=== Section Start ===

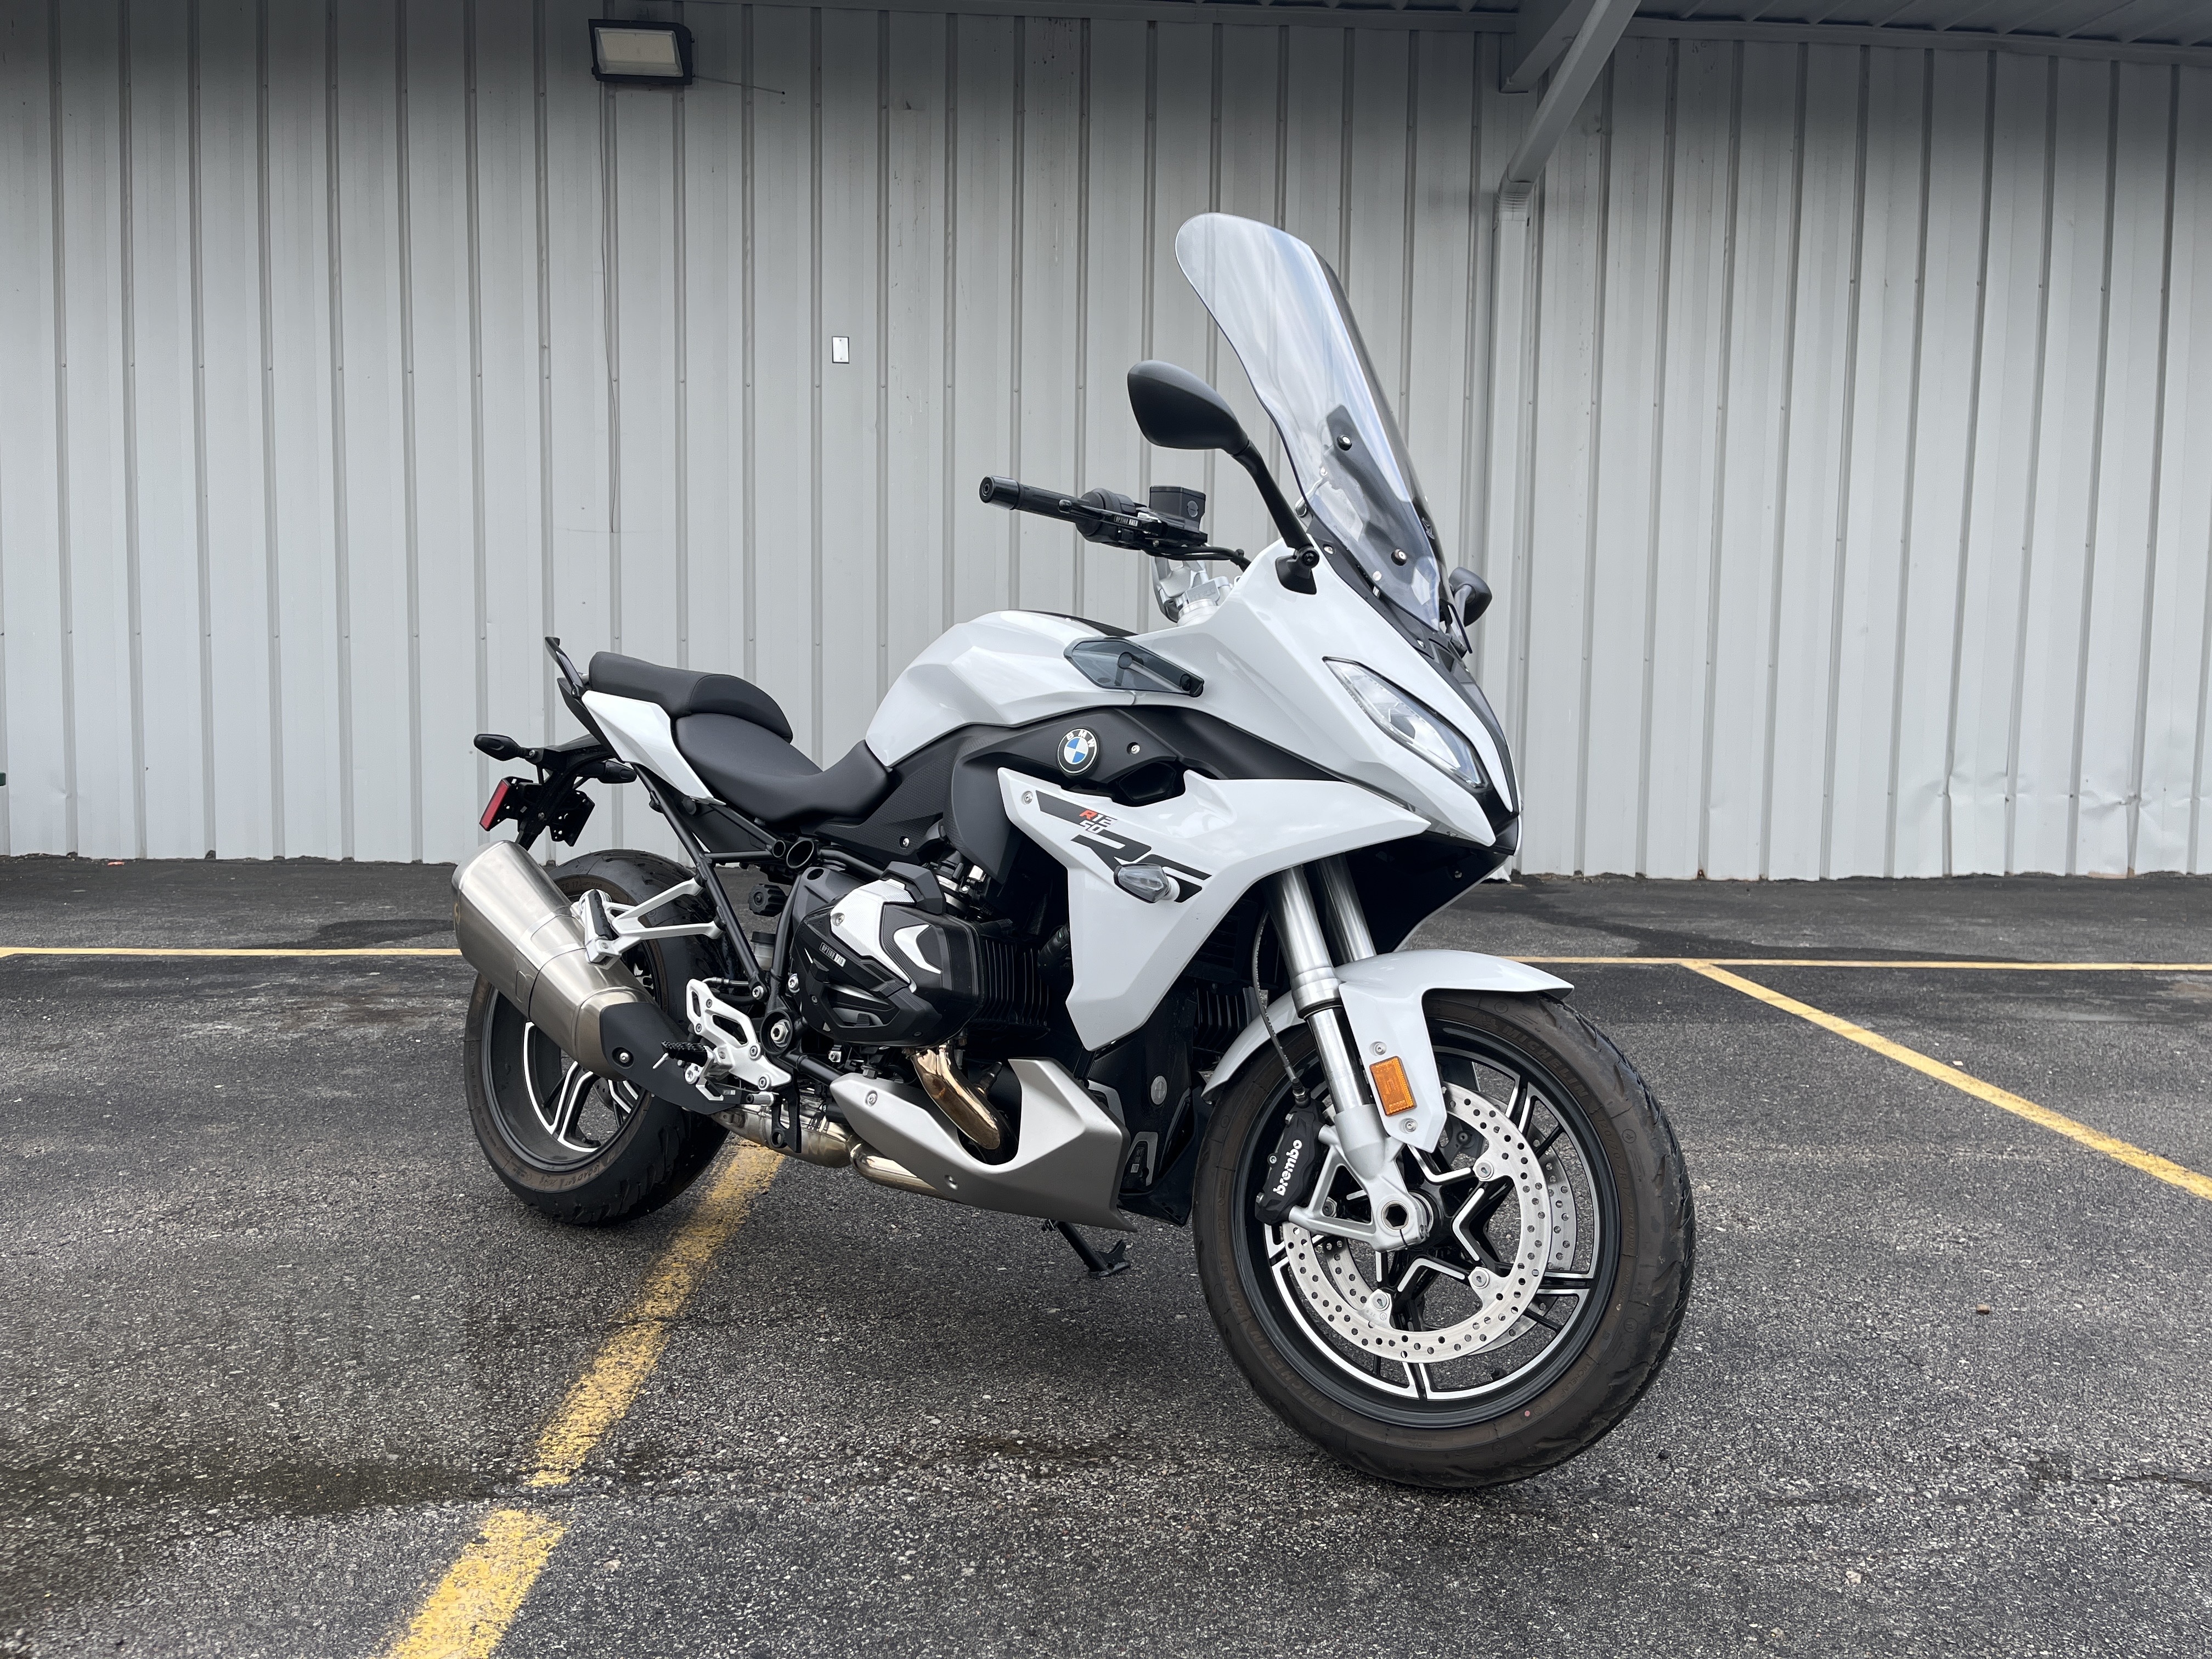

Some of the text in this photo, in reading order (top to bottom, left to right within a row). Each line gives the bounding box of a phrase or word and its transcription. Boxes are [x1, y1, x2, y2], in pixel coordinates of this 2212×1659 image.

[1066, 730, 1096, 748] BMW
[1502, 1025, 1589, 1097] MICHELIN
[1273, 1139, 1302, 1196] brembo
[1250, 1330, 1327, 1408] MICHELIN
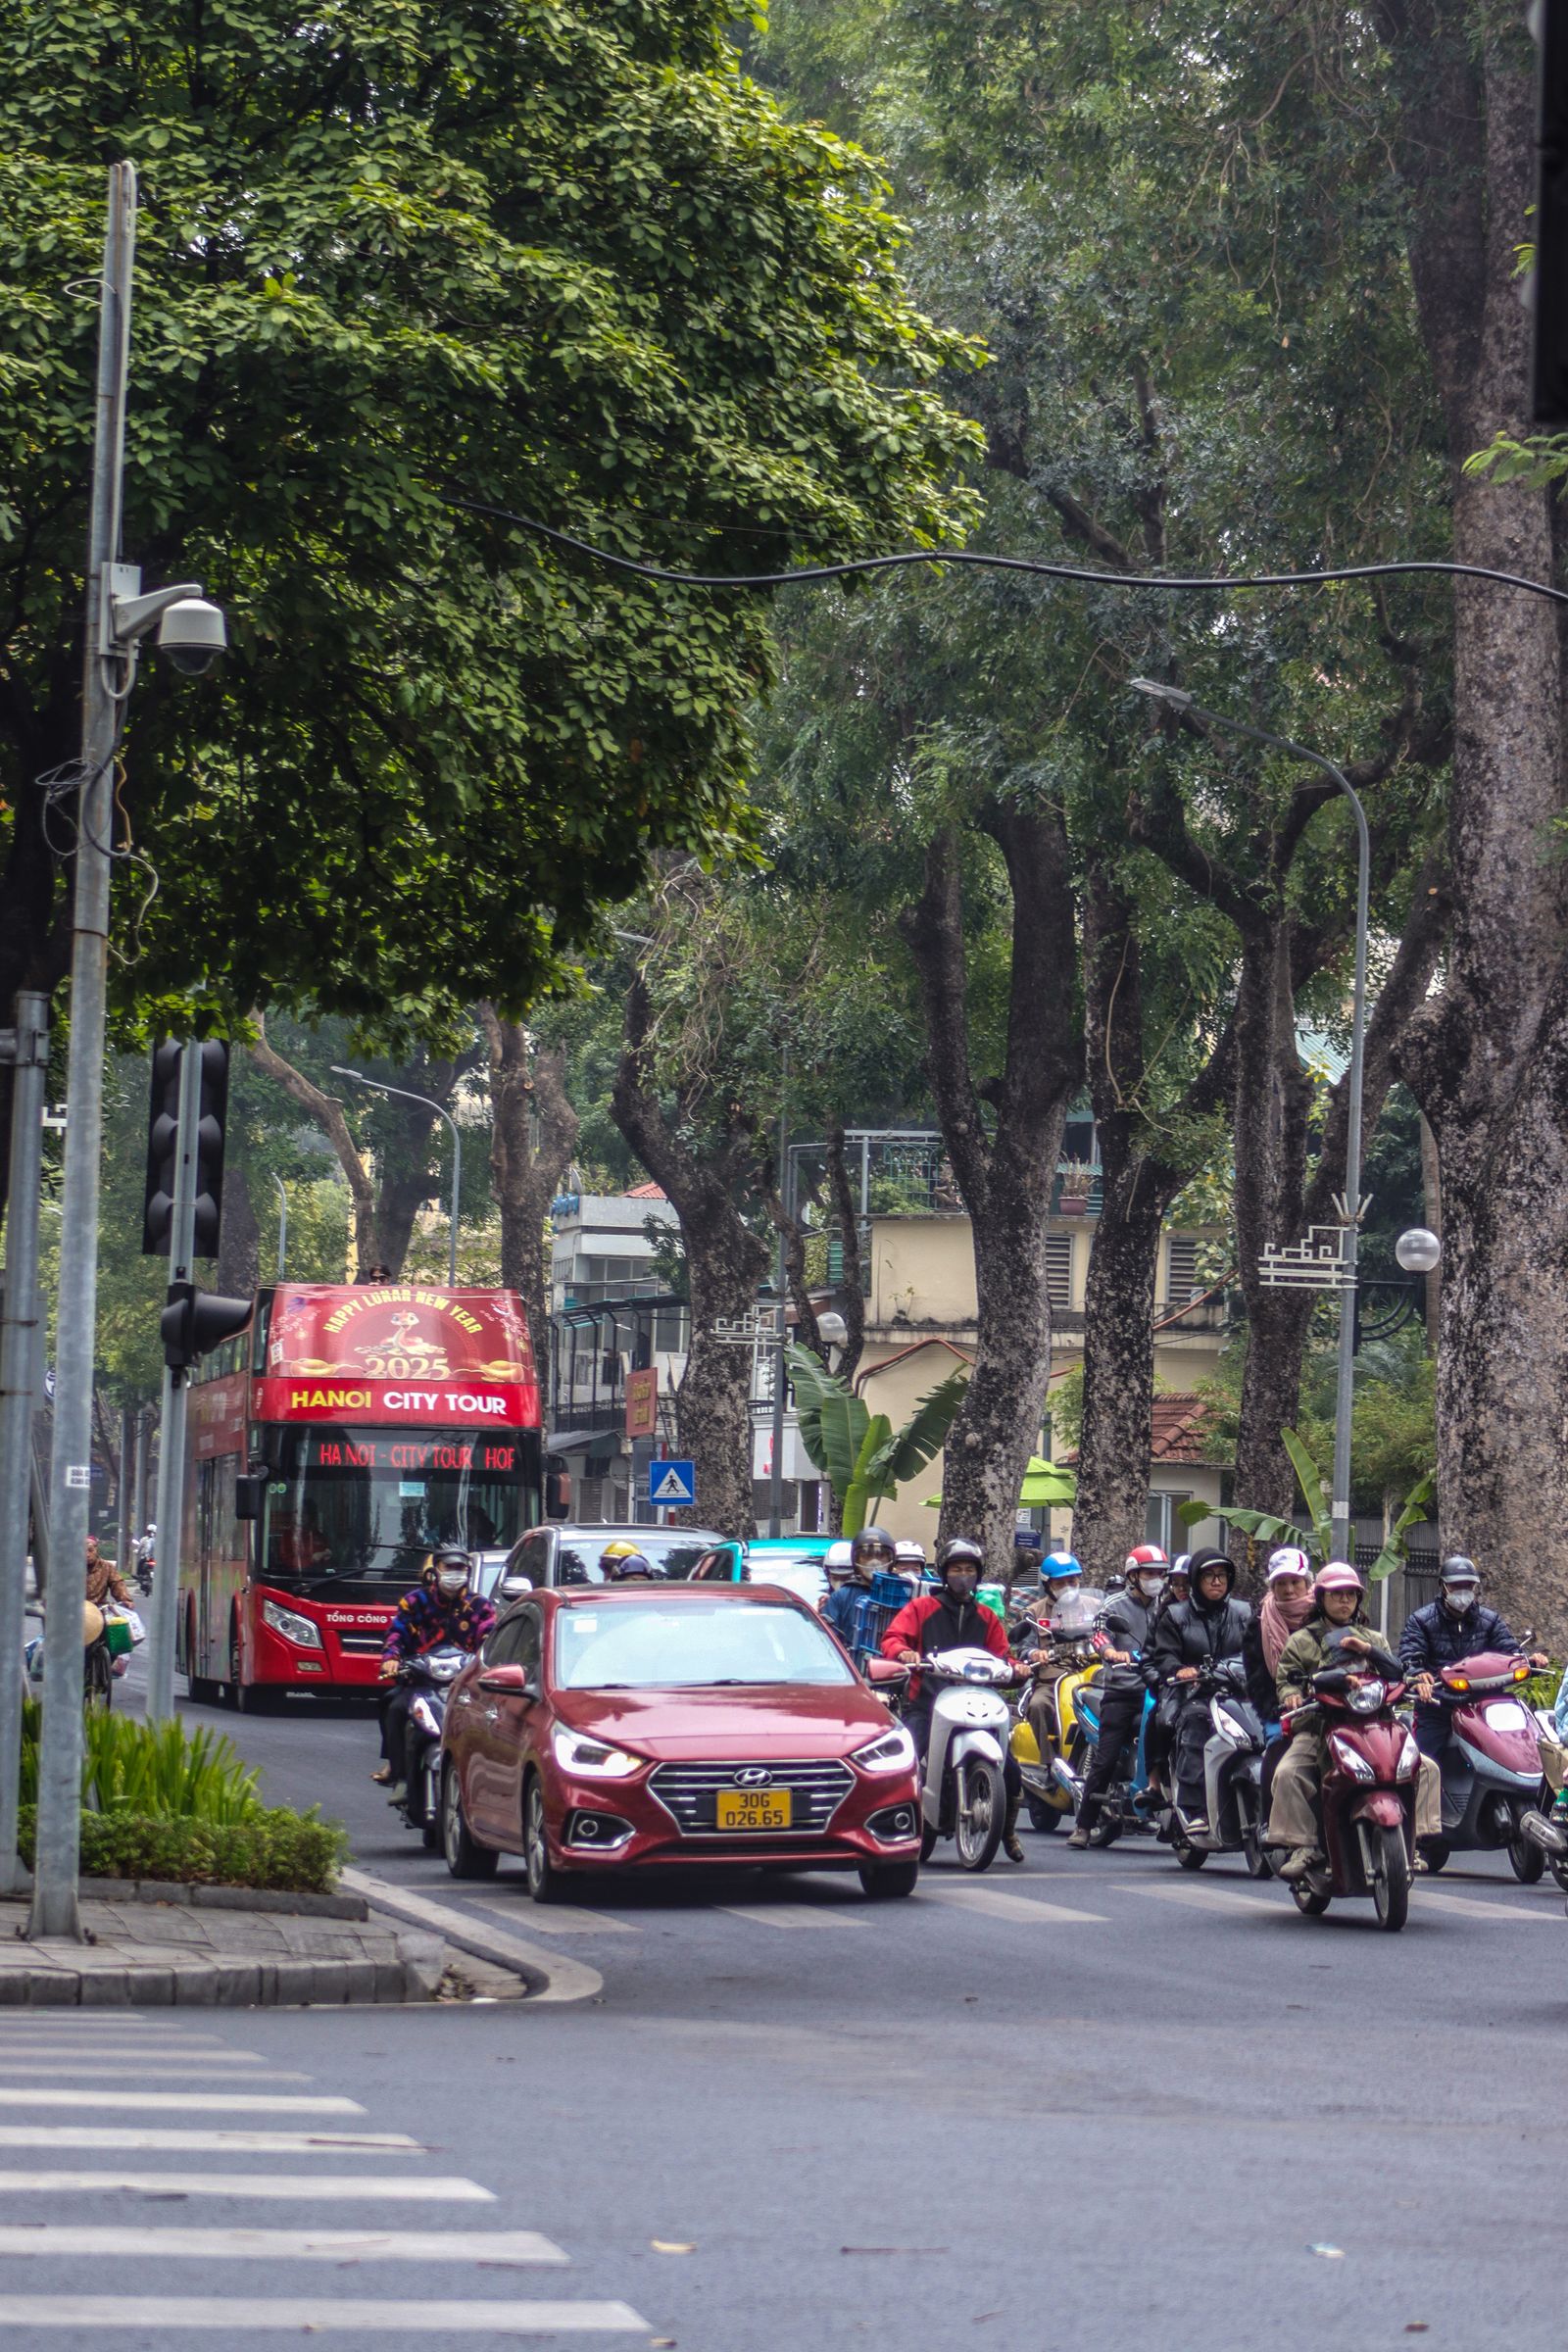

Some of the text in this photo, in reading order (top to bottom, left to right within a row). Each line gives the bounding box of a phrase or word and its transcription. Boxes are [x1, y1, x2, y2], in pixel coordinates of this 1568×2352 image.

[322, 1289, 483, 1334] HAPPY LUNAR NEW YEAR
[364, 1355, 451, 1380] 2025
[291, 1391, 507, 1415] HANOI CITY TOUR
[390, 1444, 425, 1467] CITY
[433, 1446, 472, 1469] TOUR
[357, 1613, 388, 1623] CÔNG
[739, 1792, 770, 1808] 30G
[726, 1810, 784, 1826] 026.65

=== Section End ===

[TASK DESCRIPTION]: All lines from the one with "this 1568×2352 image." to the end of the records must be set down exactly. Skip every line before it.

[ANSWER TO THE PROBLEM]:
Some of the text in this photo, in reading order (top to bottom, left to right within a row). Each line gives the bounding box of a phrase or word and its transcription. Boxes are [x1, y1, x2, y2], in pixel coordinates of this 1568×2352 image.

[322, 1289, 483, 1334] HAPPY LUNAR NEW YEAR
[364, 1355, 451, 1380] 2025
[291, 1391, 507, 1415] HANOI CITY TOUR
[390, 1444, 425, 1467] CITY
[433, 1446, 472, 1469] TOUR
[357, 1613, 388, 1623] CÔNG
[739, 1792, 770, 1808] 30G
[726, 1810, 784, 1826] 026.65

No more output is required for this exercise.